The long walk to the exit: the perils of illegal mining

A reported 200 miners have been trapped underground since Saturday at a closed Gold One International shaft in Benoni. As police and mine security continue their standoff with the miners, the death rate from illegal mining continues to rise, with two men reported dead at a nearby mine. By THAPELO LEKGOWA & GREG NICOLSON.

From the dusty outcrop a man started making his way out of the darkness and into the glaring sun on Monday. Speaking Sotho, he convinced others to come out. They emerged from the disused mineshaft so slowly it was painful to wait and witness. Emergency services and police have been on the scene since Sunday and to get the illegal miners to the surface, there are vague promises to the miners that there will be no arrests.

The illegal mineworkers have their doubts. Their heads pop in and out of the shaft entrance, about a square metre wide. Ekurhuleni Emergency Services and the police used a man as bait on Monday. They let him walk free with all his belongings. From the shaft entrance, the miner posted as lookout called out in Sotho, “They let him go so they will not arrest us.” So far, 25 men have emerged from the unused mine and most have been arrested after a medical examination.

“Sledge!” yelled one of the emerged miners, who was standing at an ambulance to his colleague still inside the mine. “Sledge, come out! They are letting us go, but if they are to arrest us it’s also fine, but come out.” There was no response from “Sledge”.

Eleven men made it out of the shaft on Monday; only three on Tuesday. Paramedics were hoping another 10-15 would emerge. They were later taken into custody at the local Benoni Police station and charged with illegal mining. Some men covered their faces as they came out and the authorities denied media access to the men.

Nearby the Gold One shaft, at Gravelotte mine, two men were found dead on Tuesday after meeting a group of rival illegal mineworkers, reported the BBC. Other miners went in search of them after they went missing and the miners have retrieved one of the bodies after police said it’s too dangerous to enter.

The Benoni incident is the latest in an ongoing series of miners being trapped in disused or abandoned mineshafts around Johannesburg as they try to make a dangerous living. Last July, seven illegal miners were found dead in a Brakpan North shaft after clashes with other miners underground. Earlier this year, almost 40 miners were arrested for illegal mining in Florida after a resident reported seeing them with dangerous weapons.
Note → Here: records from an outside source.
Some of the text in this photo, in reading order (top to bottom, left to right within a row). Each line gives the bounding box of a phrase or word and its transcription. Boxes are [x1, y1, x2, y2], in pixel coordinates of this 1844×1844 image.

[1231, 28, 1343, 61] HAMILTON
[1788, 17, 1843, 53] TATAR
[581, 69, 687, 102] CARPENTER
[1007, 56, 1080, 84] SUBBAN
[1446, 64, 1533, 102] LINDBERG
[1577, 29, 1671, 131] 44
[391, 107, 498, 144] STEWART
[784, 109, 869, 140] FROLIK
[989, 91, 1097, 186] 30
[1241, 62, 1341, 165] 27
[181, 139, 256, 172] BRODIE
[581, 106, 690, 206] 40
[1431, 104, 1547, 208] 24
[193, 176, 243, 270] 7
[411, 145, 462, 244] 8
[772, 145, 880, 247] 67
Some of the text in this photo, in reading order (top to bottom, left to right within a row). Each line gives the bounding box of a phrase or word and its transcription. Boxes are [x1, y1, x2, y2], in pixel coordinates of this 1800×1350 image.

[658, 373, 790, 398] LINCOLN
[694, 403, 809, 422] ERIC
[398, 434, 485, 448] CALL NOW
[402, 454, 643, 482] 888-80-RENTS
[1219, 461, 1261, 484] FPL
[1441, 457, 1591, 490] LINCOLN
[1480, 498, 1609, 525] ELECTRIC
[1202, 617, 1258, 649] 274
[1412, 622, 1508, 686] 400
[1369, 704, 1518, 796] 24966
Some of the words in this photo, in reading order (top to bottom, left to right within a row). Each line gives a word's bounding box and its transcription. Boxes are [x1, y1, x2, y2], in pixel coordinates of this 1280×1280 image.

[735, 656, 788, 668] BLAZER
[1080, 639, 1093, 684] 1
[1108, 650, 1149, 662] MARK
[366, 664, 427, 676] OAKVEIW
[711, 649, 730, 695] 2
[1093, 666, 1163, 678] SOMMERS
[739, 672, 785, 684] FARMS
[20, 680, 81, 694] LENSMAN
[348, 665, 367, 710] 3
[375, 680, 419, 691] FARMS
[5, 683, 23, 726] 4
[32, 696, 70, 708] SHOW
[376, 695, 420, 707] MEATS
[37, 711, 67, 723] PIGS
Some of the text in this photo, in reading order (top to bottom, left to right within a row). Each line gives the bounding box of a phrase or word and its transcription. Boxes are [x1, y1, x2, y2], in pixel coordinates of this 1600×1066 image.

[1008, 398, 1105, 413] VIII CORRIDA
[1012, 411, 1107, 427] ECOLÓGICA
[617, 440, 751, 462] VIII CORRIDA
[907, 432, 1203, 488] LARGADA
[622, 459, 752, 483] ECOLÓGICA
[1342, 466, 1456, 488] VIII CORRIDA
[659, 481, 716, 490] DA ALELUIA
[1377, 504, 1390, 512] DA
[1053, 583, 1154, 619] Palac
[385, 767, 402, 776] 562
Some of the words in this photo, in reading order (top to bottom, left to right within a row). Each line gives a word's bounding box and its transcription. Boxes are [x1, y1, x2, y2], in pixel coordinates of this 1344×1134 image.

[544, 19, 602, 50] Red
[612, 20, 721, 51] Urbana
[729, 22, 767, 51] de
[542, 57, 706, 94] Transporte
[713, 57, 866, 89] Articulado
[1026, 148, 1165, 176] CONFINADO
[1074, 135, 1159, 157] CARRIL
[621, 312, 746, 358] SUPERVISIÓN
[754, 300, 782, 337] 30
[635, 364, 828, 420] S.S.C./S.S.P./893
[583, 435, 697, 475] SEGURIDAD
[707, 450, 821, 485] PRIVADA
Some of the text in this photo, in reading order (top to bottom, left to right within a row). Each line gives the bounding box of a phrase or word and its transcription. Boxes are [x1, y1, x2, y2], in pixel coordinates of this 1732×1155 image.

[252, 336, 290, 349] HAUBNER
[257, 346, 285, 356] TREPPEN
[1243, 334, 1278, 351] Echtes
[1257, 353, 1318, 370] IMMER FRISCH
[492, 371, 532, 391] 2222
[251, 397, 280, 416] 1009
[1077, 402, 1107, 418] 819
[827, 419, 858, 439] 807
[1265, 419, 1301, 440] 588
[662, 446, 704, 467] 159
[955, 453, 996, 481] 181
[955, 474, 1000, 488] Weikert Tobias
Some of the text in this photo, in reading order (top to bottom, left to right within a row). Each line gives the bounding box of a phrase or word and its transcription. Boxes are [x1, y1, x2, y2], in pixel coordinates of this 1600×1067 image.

In Benoni, the men are part of a community in Whiteville township and while most hail from Lesotho and Mozambique residents say no one has a clear idea of who they are or their backgrounds. “They are not from here [South Africa],” one woman said.

The ventilation shaft where the illegal miners operate from is part of what used to be a short cut for the residents of Whiteville to walk to the Benoni CBD and back. But residents say the miners make the area dangerous. “I was mugged for my [cold drink] by the miners and was forced to change my route,” resident Zweli November told Daily Maverick.

“These people are ruthless, hence you will have no one willing to tell you [who they are] even if they know any of them. Many of the South Africans staying around the abandoned mine have attempted to mine some gold but it is not a boys world down there, only real men,” continued November.

The men who emerged on Monday claimed that there are more than 200 miners still down the shaft who face a long walk before they get to the exit point. But the number of miners underground has not been confirmed and authorities are not certain of the miners’ claims. They say it also might be an act of desperation to stall the planned sealing of the shaft set for 3 March, 2014. Meanwhile emergency service staff lowered food and water into the mine to help the men survive.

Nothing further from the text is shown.